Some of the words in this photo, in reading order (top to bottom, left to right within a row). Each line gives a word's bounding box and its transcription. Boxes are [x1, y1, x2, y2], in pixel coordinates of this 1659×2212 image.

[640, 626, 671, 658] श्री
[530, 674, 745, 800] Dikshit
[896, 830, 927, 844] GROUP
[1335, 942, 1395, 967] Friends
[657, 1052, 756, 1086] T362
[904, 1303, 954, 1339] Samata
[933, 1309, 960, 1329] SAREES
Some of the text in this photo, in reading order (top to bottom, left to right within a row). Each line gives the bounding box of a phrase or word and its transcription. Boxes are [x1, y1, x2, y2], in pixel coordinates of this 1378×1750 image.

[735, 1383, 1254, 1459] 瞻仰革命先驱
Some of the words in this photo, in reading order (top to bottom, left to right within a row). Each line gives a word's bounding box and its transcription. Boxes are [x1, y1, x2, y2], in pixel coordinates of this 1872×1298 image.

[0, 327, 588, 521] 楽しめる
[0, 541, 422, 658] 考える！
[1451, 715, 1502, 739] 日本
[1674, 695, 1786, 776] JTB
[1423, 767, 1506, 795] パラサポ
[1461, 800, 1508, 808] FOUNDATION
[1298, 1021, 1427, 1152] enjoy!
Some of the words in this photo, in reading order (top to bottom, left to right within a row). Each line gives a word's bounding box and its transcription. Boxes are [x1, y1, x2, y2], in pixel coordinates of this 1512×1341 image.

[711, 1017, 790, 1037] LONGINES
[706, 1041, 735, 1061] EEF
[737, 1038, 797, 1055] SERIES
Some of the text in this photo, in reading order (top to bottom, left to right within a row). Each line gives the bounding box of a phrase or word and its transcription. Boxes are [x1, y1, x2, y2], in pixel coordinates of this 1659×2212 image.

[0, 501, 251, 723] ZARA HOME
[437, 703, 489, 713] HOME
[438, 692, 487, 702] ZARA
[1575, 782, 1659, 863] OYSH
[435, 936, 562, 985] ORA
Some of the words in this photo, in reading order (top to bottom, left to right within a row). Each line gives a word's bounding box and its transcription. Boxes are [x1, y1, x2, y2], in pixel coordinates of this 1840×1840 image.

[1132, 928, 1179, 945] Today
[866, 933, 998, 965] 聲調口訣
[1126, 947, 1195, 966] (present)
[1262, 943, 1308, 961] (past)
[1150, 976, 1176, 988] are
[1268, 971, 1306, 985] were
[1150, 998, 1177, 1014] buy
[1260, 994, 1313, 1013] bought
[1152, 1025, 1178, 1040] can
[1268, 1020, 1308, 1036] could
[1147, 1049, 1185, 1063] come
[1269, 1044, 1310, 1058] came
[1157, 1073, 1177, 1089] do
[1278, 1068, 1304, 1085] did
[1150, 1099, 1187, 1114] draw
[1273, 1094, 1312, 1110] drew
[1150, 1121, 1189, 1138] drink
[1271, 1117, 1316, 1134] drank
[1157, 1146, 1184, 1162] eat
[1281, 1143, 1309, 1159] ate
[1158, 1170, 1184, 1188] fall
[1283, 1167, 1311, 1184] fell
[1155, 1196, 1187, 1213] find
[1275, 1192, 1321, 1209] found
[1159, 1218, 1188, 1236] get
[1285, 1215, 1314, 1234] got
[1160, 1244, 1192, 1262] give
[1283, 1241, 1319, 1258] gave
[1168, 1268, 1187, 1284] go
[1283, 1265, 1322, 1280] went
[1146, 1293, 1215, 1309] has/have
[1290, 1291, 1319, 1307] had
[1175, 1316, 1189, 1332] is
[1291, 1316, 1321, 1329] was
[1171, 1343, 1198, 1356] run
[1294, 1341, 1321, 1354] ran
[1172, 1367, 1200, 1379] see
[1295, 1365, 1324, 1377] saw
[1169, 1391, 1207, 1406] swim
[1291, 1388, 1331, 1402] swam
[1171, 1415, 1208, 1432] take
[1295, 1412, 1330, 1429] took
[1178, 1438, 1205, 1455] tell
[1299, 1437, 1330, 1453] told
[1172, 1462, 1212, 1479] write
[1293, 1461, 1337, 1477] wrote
--------------------
▸ Work required
Word for word, copy out the data.

▸ Solution for this problem
Some of the words in this photo, in reading order (top to bottom, left to right within a row). Each line gives a word's bounding box and its transcription. Boxes are [x1, y1, x2, y2], in pixel coordinates of this 1659×2212 image.

[640, 626, 671, 658] श्री
[530, 674, 745, 800] Dikshit
[896, 830, 927, 844] GROUP
[1335, 942, 1395, 967] Friends
[657, 1052, 756, 1086] T362
[904, 1303, 954, 1339] Samata
[933, 1309, 960, 1329] SAREES
Some of the text in this photo, in reading order (top to bottom, left to right within a row). Each line gives the bounding box of a phrase or word and its transcription. Boxes are [x1, y1, x2, y2], in pixel coordinates of this 1378×1750 image.

[735, 1383, 1254, 1459] 瞻仰革命先驱
Some of the words in this photo, in reading order (top to bottom, left to right within a row). Each line gives a word's bounding box and its transcription. Boxes are [x1, y1, x2, y2], in pixel coordinates of this 1872×1298 image.

[0, 327, 588, 521] 楽しめる
[0, 541, 422, 658] 考える！
[1451, 715, 1502, 739] 日本
[1674, 695, 1786, 776] JTB
[1423, 767, 1506, 795] パラサポ
[1461, 800, 1508, 808] FOUNDATION
[1298, 1021, 1427, 1152] enjoy!
Some of the words in this photo, in reading order (top to bottom, left to right within a row). Each line gives a word's bounding box and its transcription. Boxes are [x1, y1, x2, y2], in pixel coordinates of this 1512×1341 image.

[711, 1017, 790, 1037] LONGINES
[706, 1041, 735, 1061] EEF
[737, 1038, 797, 1055] SERIES
Some of the text in this photo, in reading order (top to bottom, left to right within a row). Each line gives the bounding box of a phrase or word and its transcription. Boxes are [x1, y1, x2, y2], in pixel coordinates of this 1659×2212 image.

[0, 501, 251, 723] ZARA HOME
[437, 703, 489, 713] HOME
[438, 692, 487, 702] ZARA
[1575, 782, 1659, 863] OYSH
[435, 936, 562, 985] ORA
Some of the words in this photo, in reading order (top to bottom, left to right within a row). Each line gives a word's bounding box and its transcription. Boxes are [x1, y1, x2, y2], in pixel coordinates of this 1840×1840 image.

[1132, 928, 1179, 945] Today
[866, 933, 998, 965] 聲調口訣
[1126, 947, 1195, 966] (present)
[1262, 943, 1308, 961] (past)
[1150, 976, 1176, 988] are
[1268, 971, 1306, 985] were
[1150, 998, 1177, 1014] buy
[1260, 994, 1313, 1013] bought
[1152, 1025, 1178, 1040] can
[1268, 1020, 1308, 1036] could
[1147, 1049, 1185, 1063] come
[1269, 1044, 1310, 1058] came
[1157, 1073, 1177, 1089] do
[1278, 1068, 1304, 1085] did
[1150, 1099, 1187, 1114] draw
[1273, 1094, 1312, 1110] drew
[1150, 1121, 1189, 1138] drink
[1271, 1117, 1316, 1134] drank
[1157, 1146, 1184, 1162] eat
[1281, 1143, 1309, 1159] ate
[1158, 1170, 1184, 1188] fall
[1283, 1167, 1311, 1184] fell
[1155, 1196, 1187, 1213] find
[1275, 1192, 1321, 1209] found
[1159, 1218, 1188, 1236] get
[1285, 1215, 1314, 1234] got
[1160, 1244, 1192, 1262] give
[1283, 1241, 1319, 1258] gave
[1168, 1268, 1187, 1284] go
[1283, 1265, 1322, 1280] went
[1146, 1293, 1215, 1309] has/have
[1290, 1291, 1319, 1307] had
[1175, 1316, 1189, 1332] is
[1291, 1316, 1321, 1329] was
[1171, 1343, 1198, 1356] run
[1294, 1341, 1321, 1354] ran
[1172, 1367, 1200, 1379] see
[1295, 1365, 1324, 1377] saw
[1169, 1391, 1207, 1406] swim
[1291, 1388, 1331, 1402] swam
[1171, 1415, 1208, 1432] take
[1295, 1412, 1330, 1429] took
[1178, 1438, 1205, 1455] tell
[1299, 1437, 1330, 1453] told
[1172, 1462, 1212, 1479] write
[1293, 1461, 1337, 1477] wrote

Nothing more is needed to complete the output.